Small successes hearten whale rescuers. Scientists learn more of why big mammals beach themselves

Marine scientists are gaining a better perspective on why pilot whales periodically run themselves aground en masse. The scientists are also experiencing some success in rescue efforts. The effort to help 58 whales that stranded themselves on a Cape Cod beach last week has shed some light on the phenomenon.

``From our direct experience in five previous stranding events, we are seeing some patterns emerging,'' says Greg Early, biologist and assistant curator of the New England Aquarium in Boston.

``The last stranding occurred because a group of mainly females and calves were aggressively foraging for food in a high-risk area,'' he said. These factors, compounded with the quirky geography of the Cape, an unusually high tide, and gale-force winds, apparently caused the whales to make a navigational error.

``In conditions like that, a very small mistake can be disastrous,'' said Mr. Early. ``We don't know what that mistake was.

``The herding instinct that helps them survive together at sea works against them in a panic situation,'' he added.

Early explained that the strandings of the last five years on the New England coast have fallen into two categories. One seems to occur in late fall or early winter and involves whales of both sexes and all ages. The second stranding event seems to occur later in the season; it has involved smaller numbers of whales, primarily females and calves.

Marine biologists at the New England Aquarium hypothesize that this second group forages in areas where other sea mammals will not go, seeking extra food to nourish the sometimes-pregnant females and the calves that comprise the pod (group).

Cape Cod Bay is a natural trap, with no eastern access to the open sea.

The New Zealand coast is another trouble spot, with frequent recordings of mass whale beachings (nearly 300 in August 1983).

This puzzling phenomenon has been occurring for centuries. Theories abound as to the cause, but no single piece of evidence has linked all recorded strandings. Possible causes put forward include:

A sick leader or pod member heads to shore, and other whales follow.

Gently sloping beaches distort the animals' sonar systems, thereby disorienting them.

Parasites in lungs, trachea, inner ear and heart disrupt the normal behavior of the sea mammals.

Once terrestrial animals, the whales seek land under stress.

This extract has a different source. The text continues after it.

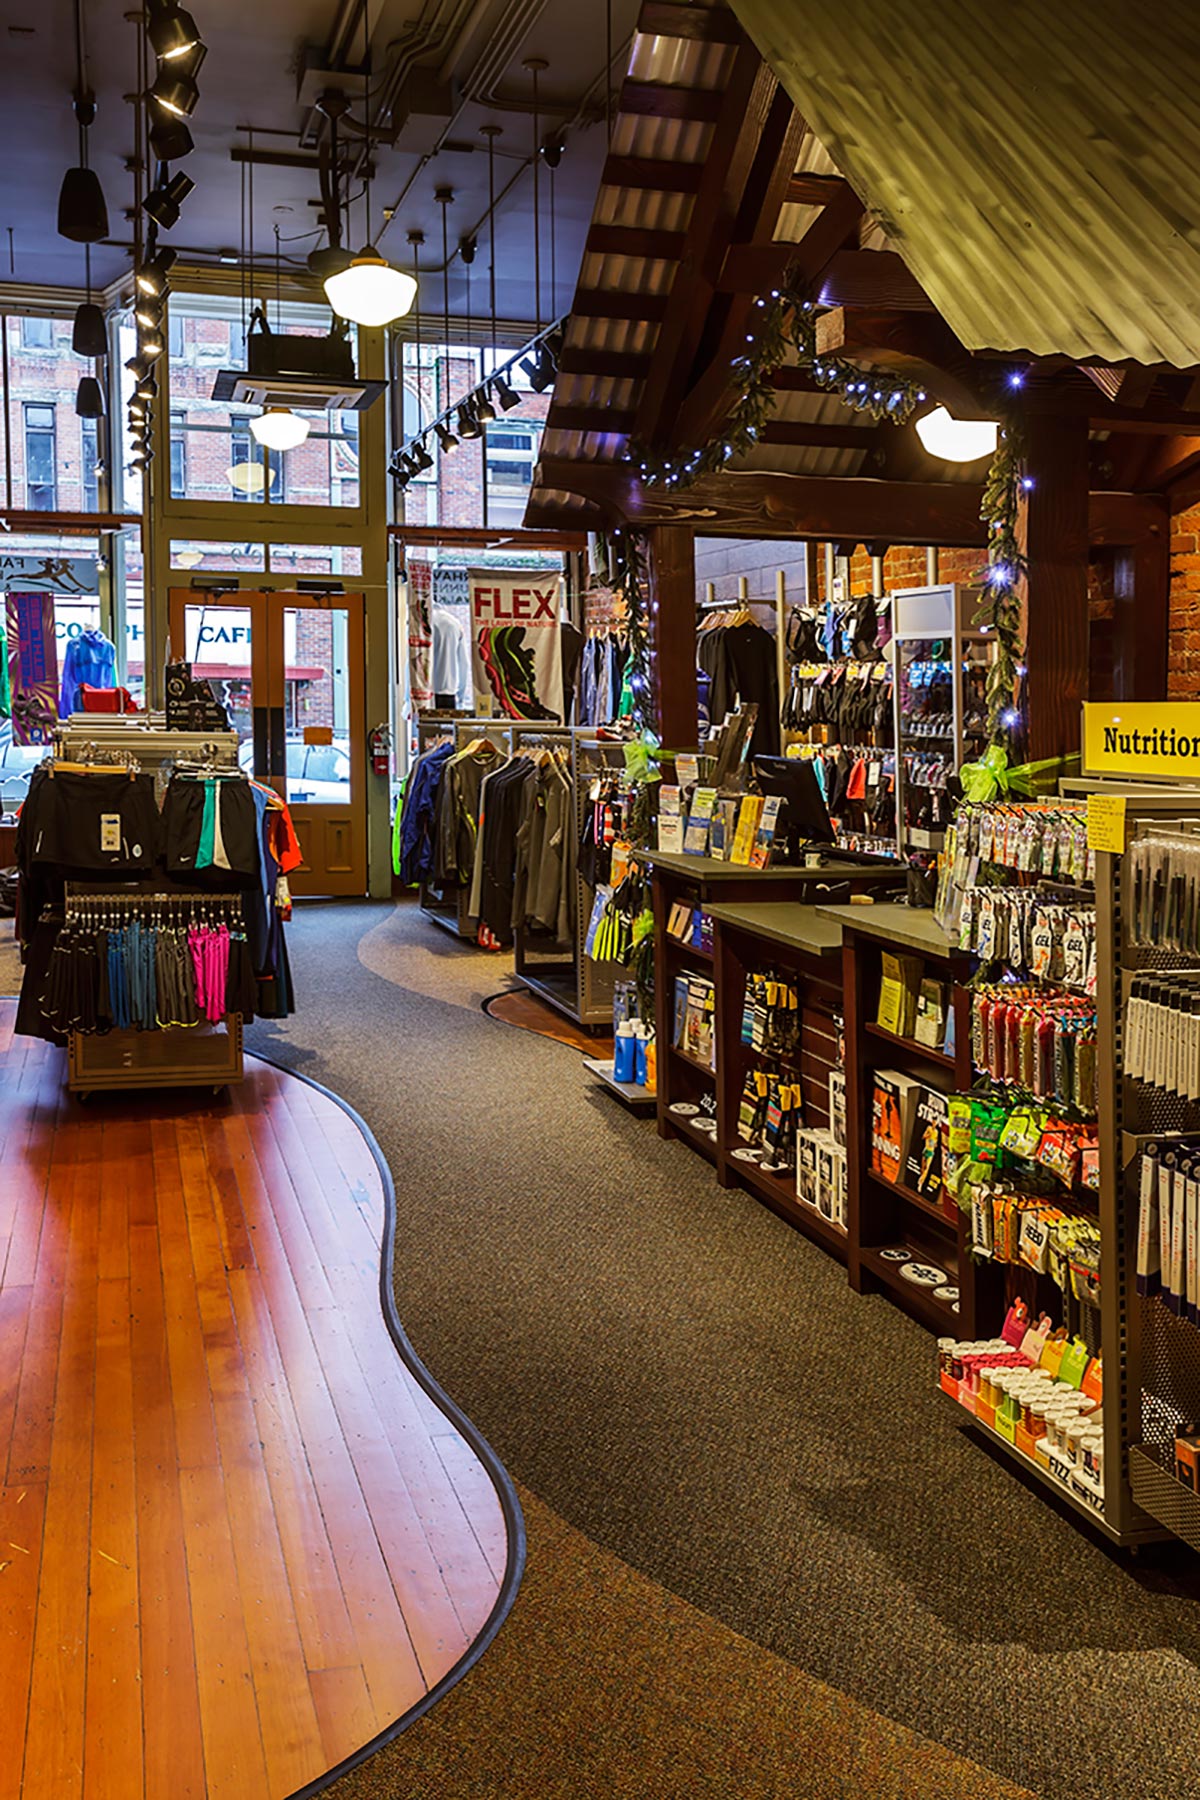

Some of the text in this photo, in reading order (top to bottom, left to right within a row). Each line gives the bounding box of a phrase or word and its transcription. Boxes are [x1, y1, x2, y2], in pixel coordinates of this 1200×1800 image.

[474, 587, 556, 620] FLEX
[1067, 937, 1083, 952] GEL
[1049, 1455, 1071, 1485] FIZZ

Controversy continues as to whether rescue of the whales should be attempted and, if so, how to do it. The successful rescue of three young male calves from last week's stranding and their transport to the New England Aquarium is cited as evidence that progress is being made. The young whales are being kept in a 60,000-gallon tank, where they are fed and monitored. Two appeared to be doing fine Wednesday, said Early, but the third and smallest was not eating much.

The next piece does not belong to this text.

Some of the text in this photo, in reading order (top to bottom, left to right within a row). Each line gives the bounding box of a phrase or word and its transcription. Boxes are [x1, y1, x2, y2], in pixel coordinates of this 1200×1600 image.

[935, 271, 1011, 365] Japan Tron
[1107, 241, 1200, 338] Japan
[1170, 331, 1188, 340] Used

In most strandings, the event is not detected until the whales have run aground. Now, says Early, ``with the extensive networking we have established with local coastal residents and marine groups, we can try to avert the event, as we did last week.''

However, the attempts by scuba-clad swimmers and volunteers did not succeed in redirecting the whales out to sea. Twenty-six of the 58 stranded whales died, and over a dozen are unaccounted for.

There is a debate among specialists about when a beached whale should be put to sleep by injection, a standard practice in strandings. Marine biologists and whale-preservation groups use varying criteria in deciding when a whale is beyond help.

Joseph Geraci, the aquarium's research veterinarian, is considered an expert on whale strandings. He asserts that as soon as a whale has run aground, its system begins breaking down, the animal goes into shock and soon thereafter, euthanasia is usually ``the most humane solution.''

Robbins Barstow, volunteer executive director of Cetacean Society International in Wethersfield, Conn., says biologists in New Zealand and Australia have managed to return stranded whales to sea successfully. ``One New Zealand biologist ... has made a videotape of a stranding of 30 to 40 whales that were returned to the sea successfully, without evidence of later stranding,'' said Mr. Barstow.

The New Zealander's methods have included getting the whales into holding areas of shallow water, having volunteers help ``stabilize'' the whales for an extended period of time, and then drawing the apparent leaders out to the sea and turning them to face the pod. The whales apparently followed the leaders to the open sea.

Barstow says that the rescue of the three calves last week was due, in part, to a merger of methods. A pontoon used by Early and other volunteers to tow some of the whales out was manufactured by a New Zealand whale group.